Petitioner had moved the Supreme Court under Article 32 of the Constitution of India for quashing the FIR.
Supreme Court had issued the following directions in it’s Order:
- Prayer to transfer the investigation to CBI is rejected.
- Protection against coercive action granted to Arnab Goswami to continue for a period of 3 weeks to enable him to pursue remedies available in law.
- FIR which has now been numbered as 164 of 2020 shall be investigated by the NM Joshi Marg Police Station in Mumbai.
- Prayer for quashing FIR No. 164 of 2020 under Article 32 rejected.
- The FIR does not cover the offence of defamation under Section 499 IPC, hence will not form subject matter of the investigation.
- All FIRs except FIR No. 164 of 2020 at NM Joshi Police Station are quashed.
- No other FIR or, as the case may be, complaint shall be initiated or pursued in any other forum in respect of the same cause of action emanating from the broadcast on 21 April 2020 by the petitioner on R Bharat.
- Based on the threat perception, CP (Mumbai) may provide police protection to Arnab Goswami if it is considered appropriate and for the period during which the threat perception continues.
- Nothing in the present judgment to be considered as an expression on merits of the allegations in the FIRs.

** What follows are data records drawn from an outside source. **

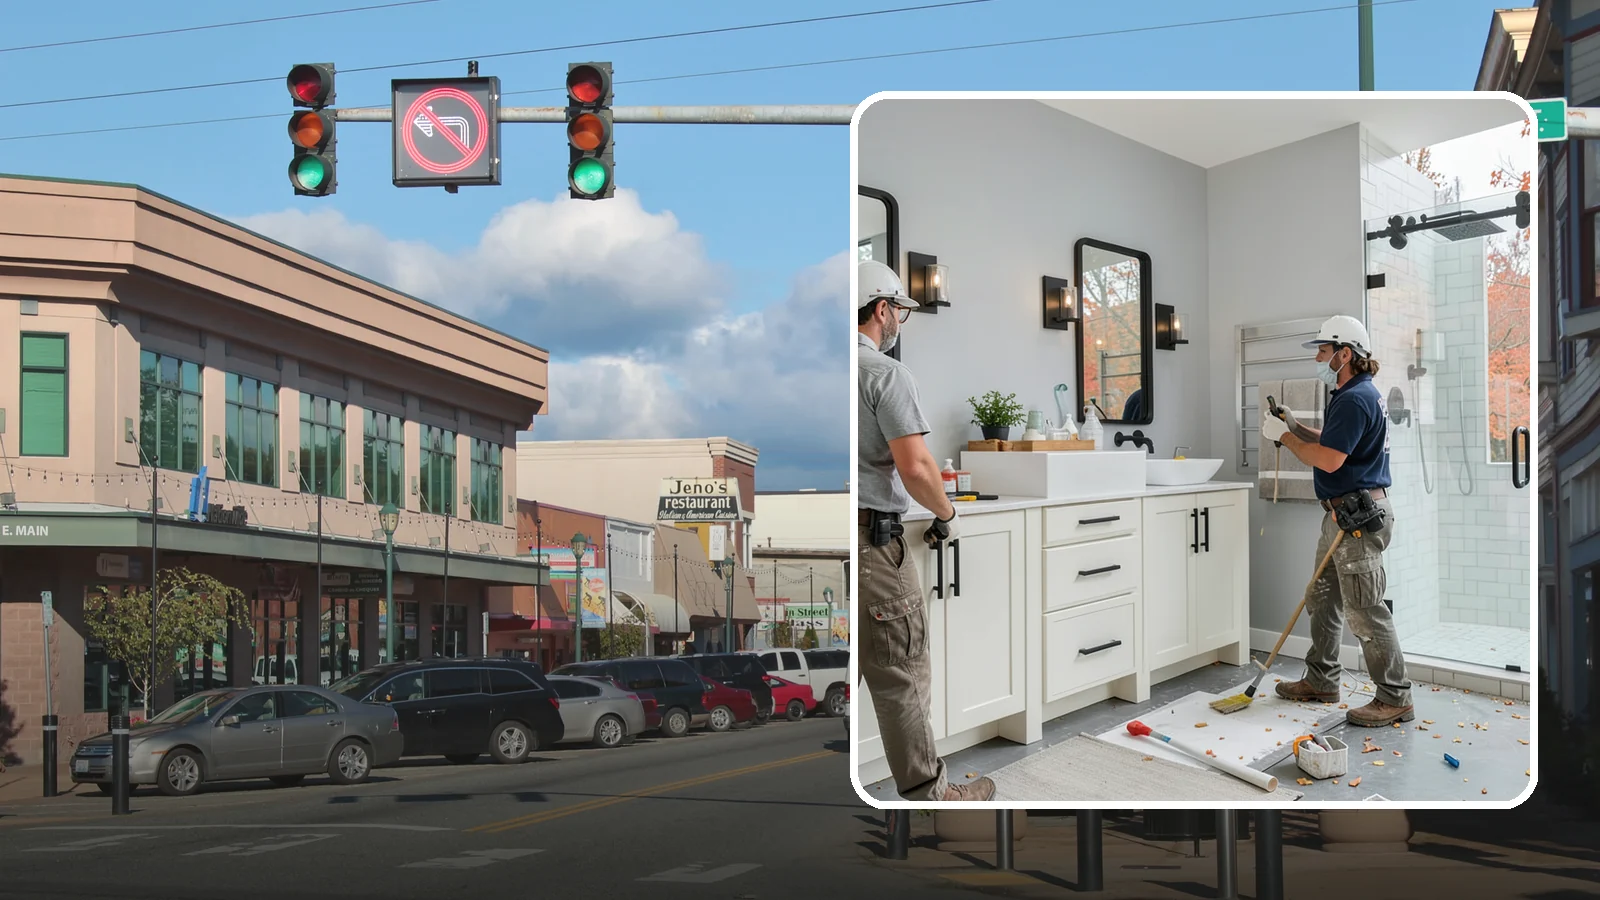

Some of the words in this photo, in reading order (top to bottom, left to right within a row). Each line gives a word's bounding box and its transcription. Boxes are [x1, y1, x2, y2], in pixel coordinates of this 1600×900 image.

[669, 480, 727, 494] Jeno's
[665, 496, 731, 509] restaurant
[686, 510, 715, 519] American
[715, 510, 738, 519] Cuisine
[2, 525, 13, 536] E.
[16, 525, 49, 536] MAIN
[797, 607, 828, 617] Street
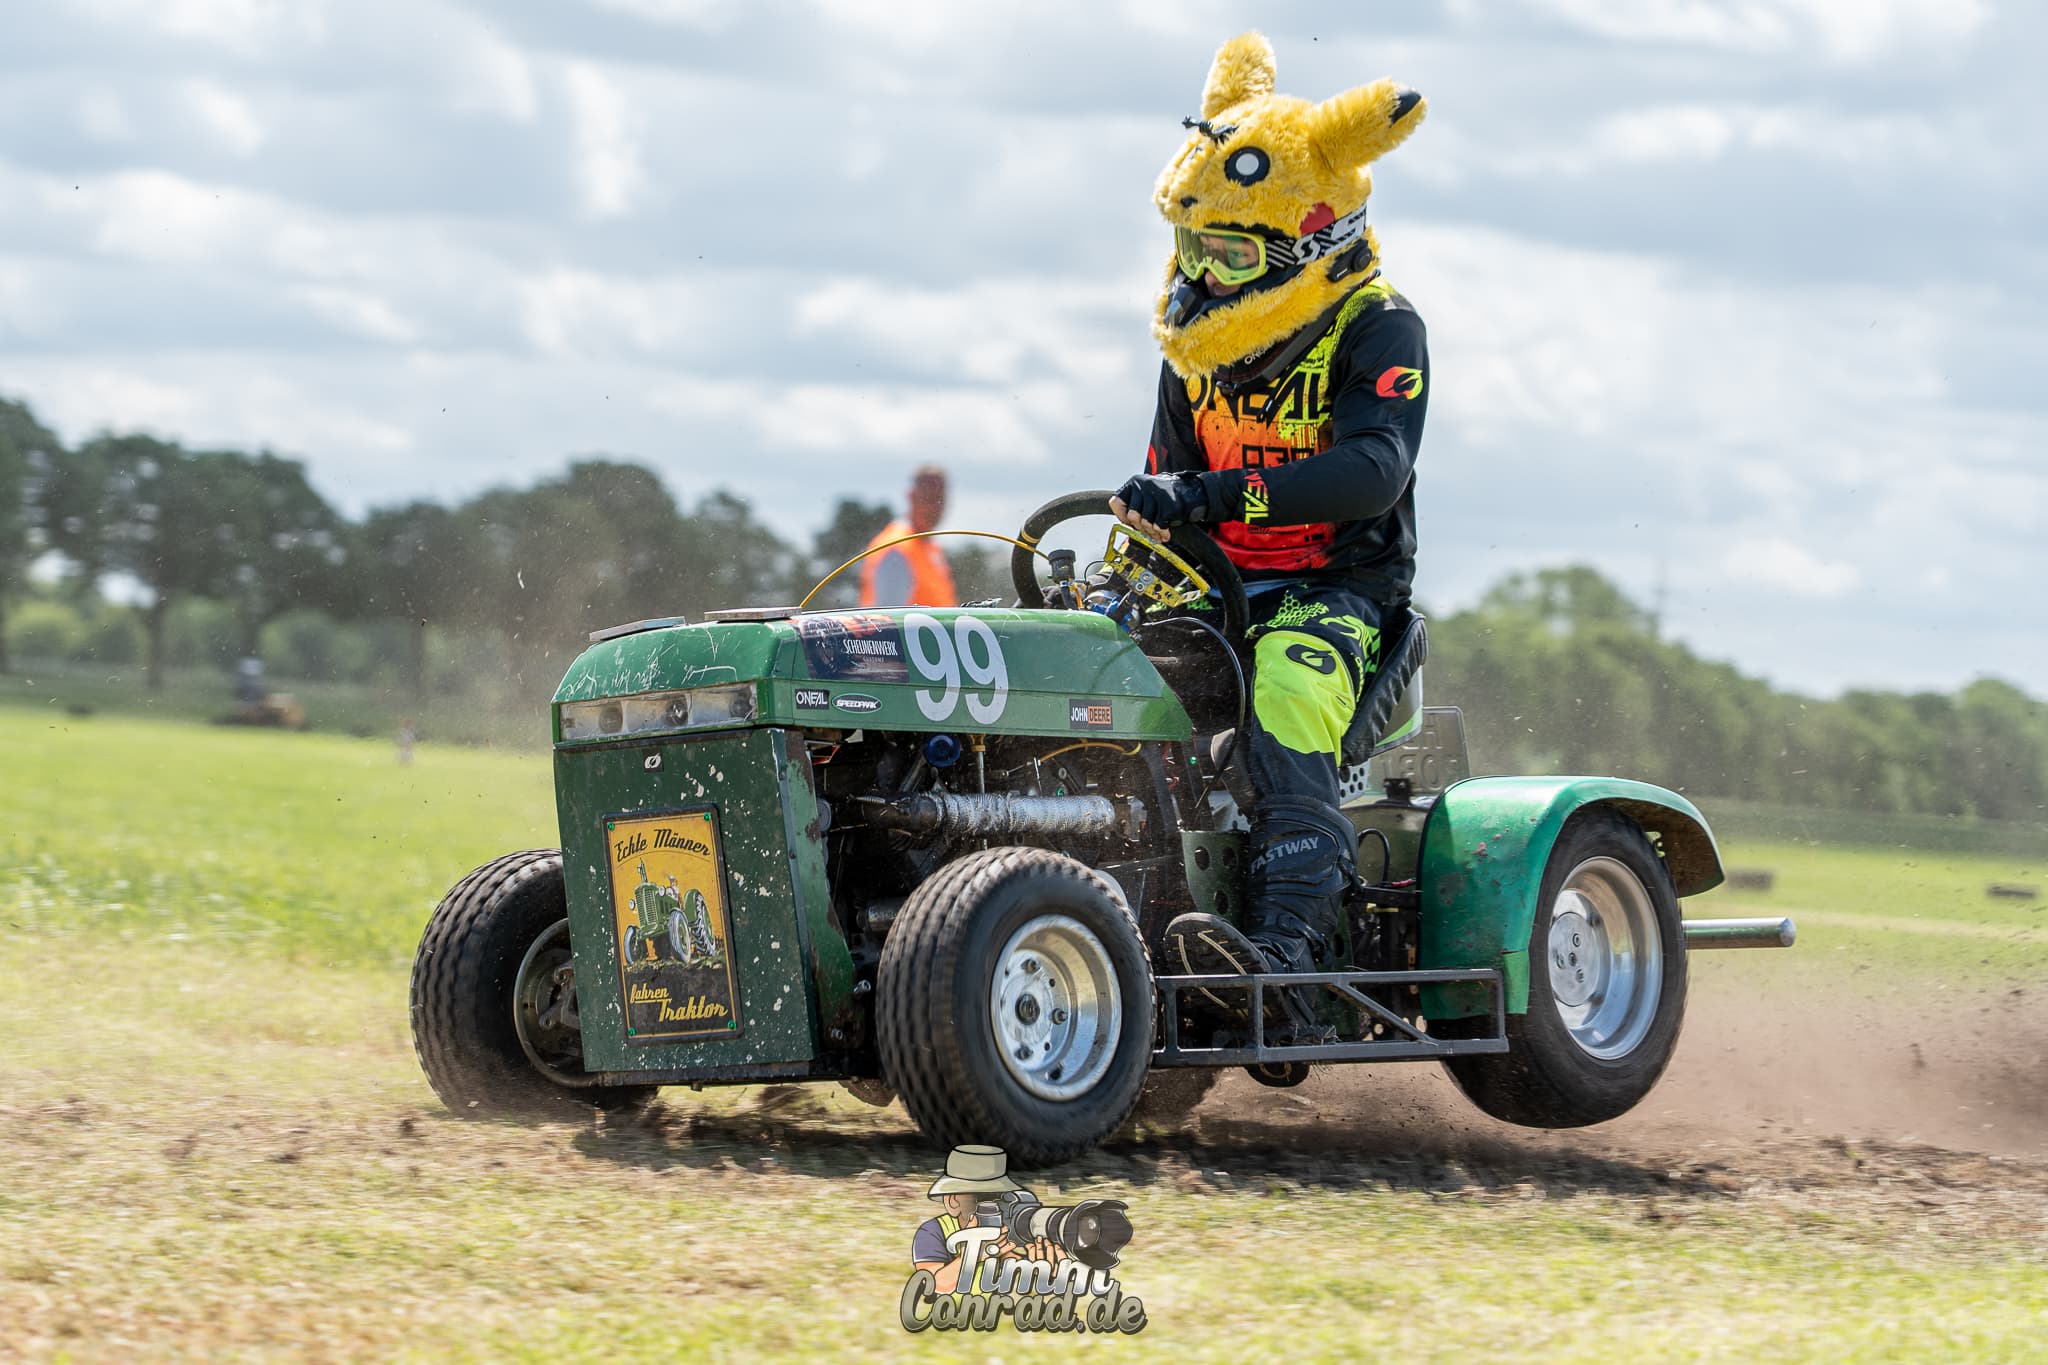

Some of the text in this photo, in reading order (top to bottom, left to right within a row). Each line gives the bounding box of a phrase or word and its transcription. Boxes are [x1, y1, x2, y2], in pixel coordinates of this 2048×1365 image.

Thereafter the present petition has been filed seeking certain reliefs.
Decision and Analysis
Bench firstly adverted to the Supreme Court’s decision in the present matter on 19th may, 2020, wherein the core issue was the lodging of multiple FIRs and complaints against the petitioner in various states arising from the same cause of action.
Supreme Court had stated that the manner in which the petitioner was subjected to numerous FIRs in several states besides the UT of J&K on the basis of identical allegations arising out of the same television show would leave no manner of doubt that its intervention was necessary to protect the rights of the petitioner as a citizen and as a journalist to a fair treatment.
In such a situation to require the petitioner to approach the jurisdictional High Courts for quashing of the FIRs would result in a multiplicity of proceedings and unnecessary harassment to the petitioner.
It was categorically held that all other FIRs in respect of the same incident constitute a clear abuse of the process and must be quashed.
Accordingly, all the other FIRs numbering 14 were quashed, further making it clear that no other FIR or complaint shall be initiated or pursued in any other forum in respect of the same cause of action.
Supreme Court did not express any opinion on the two impugned FIRs and that is how the challenge to the 2 FIRs has been placed before the High Court.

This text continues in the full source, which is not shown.